The biggest hurdle was long provider sale cycles. We are addressing that by taking a strategic approach to selling within IDNs as well as approaching surgicenters with a flatter hierarchy and quicker ability to make decisions.

Is there a specific culture you strive to create at your organization?

Our motto is “We are family.” This reflects not only the population we serve but also the culture we cultivate. We take care of each other as a team, and all of us feel strongly that we have a great product which we want to succeed. We work hard in a field with tough turns, so it’s also important to have fun.

How are you trying to differentiate yourself from your competitors?

Currently, there is no uniform method of communicating with patients’ families. There are a few hospitals that have costly and hard-to-understand waiting room monitors. In contrast, Medifies requires no installation, no IT investment, no downtime, and no data loss. By not revealing PHI or PII the service is HIPAA compliant while delivering relevant information.
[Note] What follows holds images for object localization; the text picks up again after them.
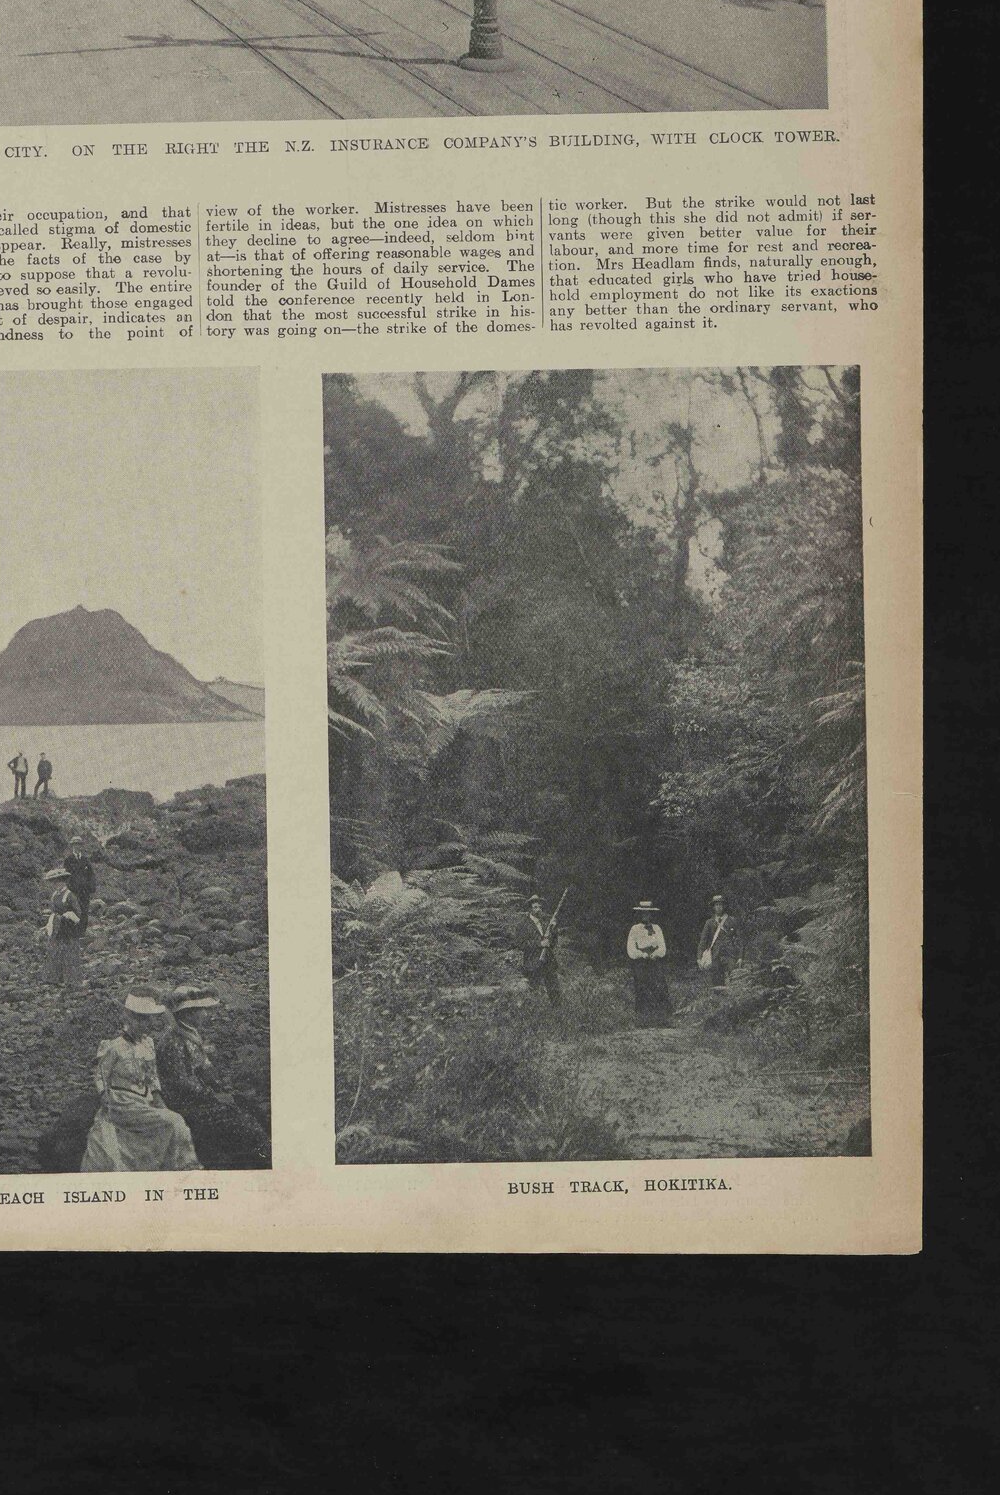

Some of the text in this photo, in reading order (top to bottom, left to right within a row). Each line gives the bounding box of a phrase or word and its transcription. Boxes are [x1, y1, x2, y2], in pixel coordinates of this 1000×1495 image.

[4, 145, 48, 159] CITY.
[71, 144, 96, 157] ON
[111, 143, 148, 156] THE
[164, 142, 220, 155] RIGHT
[233, 140, 270, 154] THE
[284, 139, 315, 153] N.Z.
[329, 137, 430, 152] INSURANCE
[548, 133, 640, 148] BUILDING,
[650, 132, 697, 145] WITH
[708, 131, 765, 145] CLOCK
[773, 129, 841, 144] TOWER.
[205, 199, 534, 217] view of the worker. Mistresses have been
[48, 223, 97, 238] stigma
[104, 220, 120, 235] of
[129, 220, 192, 234] domestic
[548, 222, 878, 243] vants were given better value for their
[60, 236, 112, 253] Really,
[120, 235, 192, 249] mistresses
[206, 274, 536, 293] founder of the Guild of Household Dames
[205, 304, 536, 322] don that the most successful strike in his-
[549, 298, 879, 320] any better than the ordinary servant, who
[58, 328, 74, 340] to
[88, 326, 112, 340] the
[126, 325, 165, 342] point
[178, 324, 194, 338] of
[549, 315, 718, 333] has revolted against it.
[507, 1177, 733, 1195] BUSH TRACK, HOKITIKA.
[62, 1190, 127, 1204] ISLAND
[144, 1189, 165, 1202] IN
[182, 1187, 220, 1201] THE
Where do you see the biggest potential for growth in your industry?

Patient (and caregiver) experience. It is currently the #1-funded sector and also the top area of M&A activity in all of healthcare. Our biggest potential for growth is taking advantage of the wide-open provider-to-family notification space.

 

Our initial product is designed for families of patients undergoing surgery, but there are numerous other procedures (like radiology) and arenas of care (like elder care, dementia care, and hospice) that will tremendously benefit from caregiver communication. The Medifies platform is expanding strategically to include caregiver notifications for dialysis, chemotherapy, obstetrics, radiology, elder care, and hospice. These days, you can track everything from your bank accounts to your grocery deliveries on your phone, but you can’t track your loved ones in medical care. We are excited to change that.

Over the past 10 years what has been the biggest technological innovation that has shaped your industry, and has this innovation impacted your business directly?

If we look at technology, there is no question that the answer is the iPhone. Everyone now has a supercomputer with media, location and communication capabilities in their pocket, and the healthcare industry as a whole has yet to take advantage of it. Our thesis is that industry needs to leverage this fact to make lives better. Our CEO’s last four startups have done just that; they’ve been “mobile-first” (designed first for the handheld device) because that is what people predominantly use these days for updates, notifications, etc.  One of these, Flyby, was acquired by Apple in Dec 2015.

What is your vision and of the strategy for your company for the future?

Our initial product deals with the OR waiting room, but moving forward, we are branching out into many other areas including the entire perioperative cycle (pre-clinic through readmission), dialysis, chemotherapy, radiology, OB, elder care and hospice. Our goal is to maintain our focus on the largest population in health—the family—while expanding our brand and suite of products so that patients choose their healthcare provider based on who uses Medifies.  Once you’ve had Medifies on your phone, how could you go without it again?

What should I have asked you that I didn’t?

We like to talk about our experienced team of ten—we have a cumulative 110 years in the healthcare industry! Our CTO is the chair of the HL7 Committee for Mobile Health, and I’ve been lucky enough to have been part of great teams and startups with four exits totaling more than $1.4B.